Carlo Campanini concentra la sua attenzione sul triennio, puntando sul valore del latino e del greco non come lingue ma come strumenti culturali, in un liceo che ci educa alla storia e in particolare alla diacronia: il presente è storia. Lo studio ci mette a confronto con una civiltà “altra” e nella programmazione ci si deve aprire a temi di civiltà. I testi-meta (obiettivo finale) sono quelli che i ragazzi devono saper tradurre al termine di un percorso di conoscenza storica. La consapevolezza di quanto si sta facendo avrà anche un valore motivazionale.

Massimo Gioseffi prende in considerazione la situazione di Lettere Moderne, dove lo studio del latino ha un tempo limitato, le generazioni si avvicendano in fretta e mostrano limiti di conoscenza anche dell’italiano. Il metodo migliore è quello di partire da versioni di testi noti (Piccolo Principe, Biancaneve…) abbandonando l’abitudine di usare la traduzione per accertare le competenze morfosintattiche. Per avvicinarci al testo suggerisce: la presentazione del brano, la lettura a voce alta e il riconoscimento dei punti di snodo (connettivi) delle strutture.  Il docente deve guidare gli studenti, liberandoli dalla schiavitù del vocabolario e orientarli alla comprensione critica dei vocaboli contestualizzati e dei concetti espressi.

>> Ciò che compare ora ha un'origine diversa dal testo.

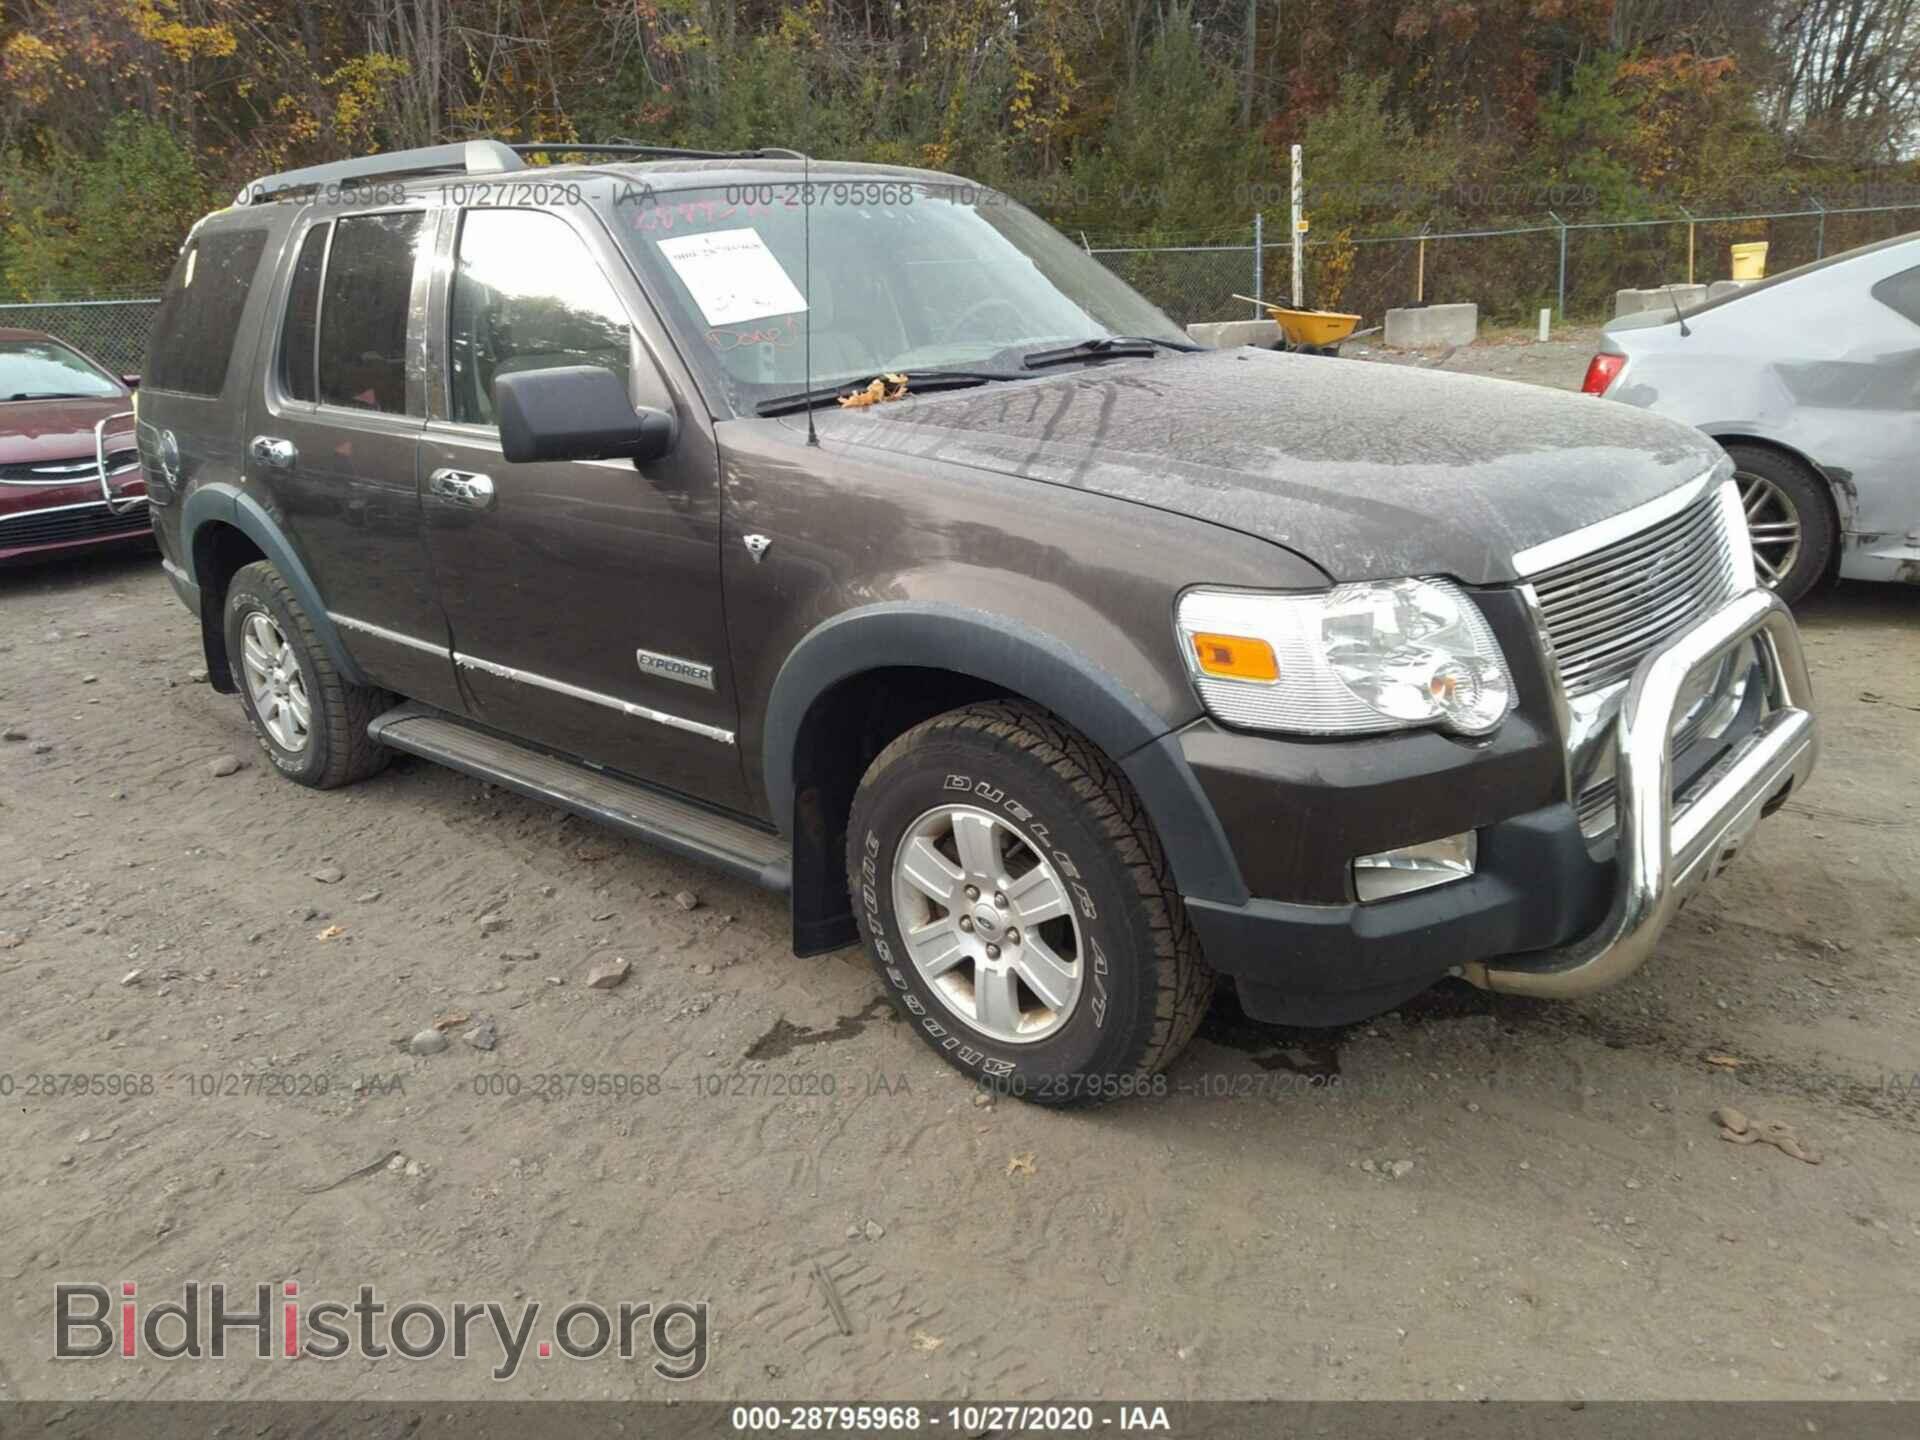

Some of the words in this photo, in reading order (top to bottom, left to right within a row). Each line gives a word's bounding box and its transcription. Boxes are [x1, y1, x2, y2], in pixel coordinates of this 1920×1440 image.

[639, 654, 709, 681] EXPLORER
[944, 775, 1097, 920] DUELER
[863, 829, 1017, 1078] BRIDGESTONE
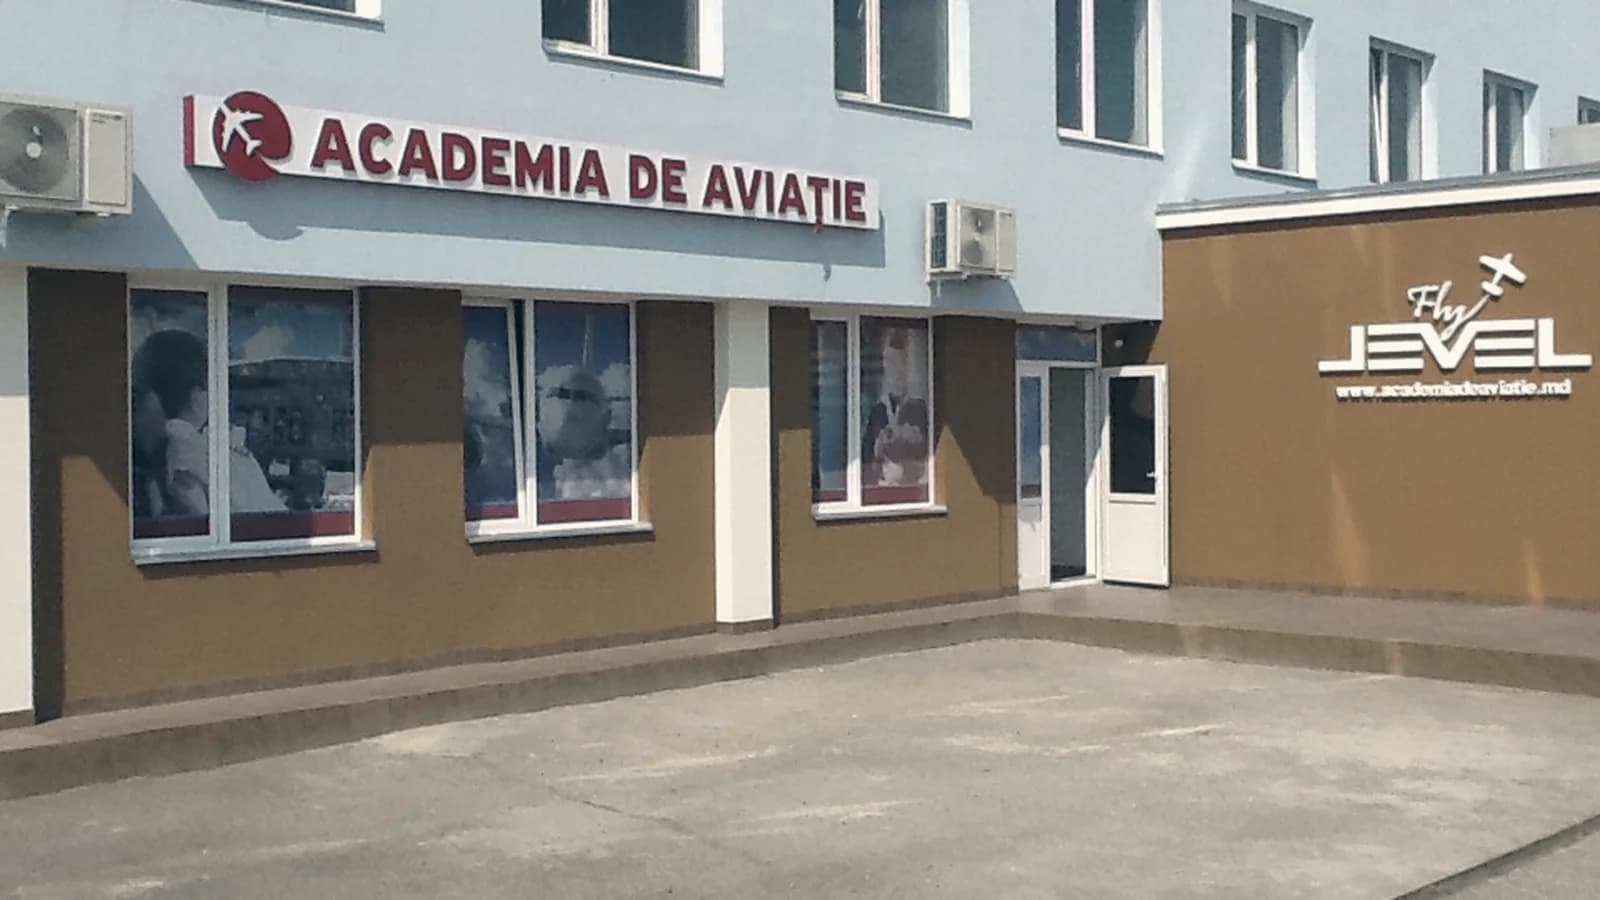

Elisabetta Degl’Innocenti spazia nel campo della persistenza dei modelli classici, che ha avuto anche un’evoluzione nel corso del tempo. I classici alimentano l’arte e la letteratura; la memoria storica persiste in larghi strati della popolazione, manifestandosi in classicismi quotidiani. Anche il postmoderno si comprende nel confronto con Roma e la Grecia nell’antichità.

Cinzia Bearzot vede lo studio come elemento motivazionale: studiare le lingue classiche è maledettamente interessante. Non serve più la motivazione linguistica, ma il latino e il greco sono strumenti di conoscenza di una civiltà. Il mondo antico non può non interessarci, è la base della nostra cultura, alimento della memoria e dell’identità, che sarebbe grave perdere. Senza la conoscenza del contesto si sbaglia lessico, si fraintendono i testi. Bisogna lavorare sul lessico e sulla storia delle parole svecchiare le classiche prove di traduzione se si vuol dare un futuro agli studi classici.

Luisa Rossi ha mostrato i prodigi delle tecnologie a sostegno dello studio, che possono aiutare l’apprendimento servendosi di filmati e grafici. Interessante il laboratorio multimediale di traduzione, lingua e cultura Per Gradus, curato da Pearson, che ha promosso e finanziato questo convegno.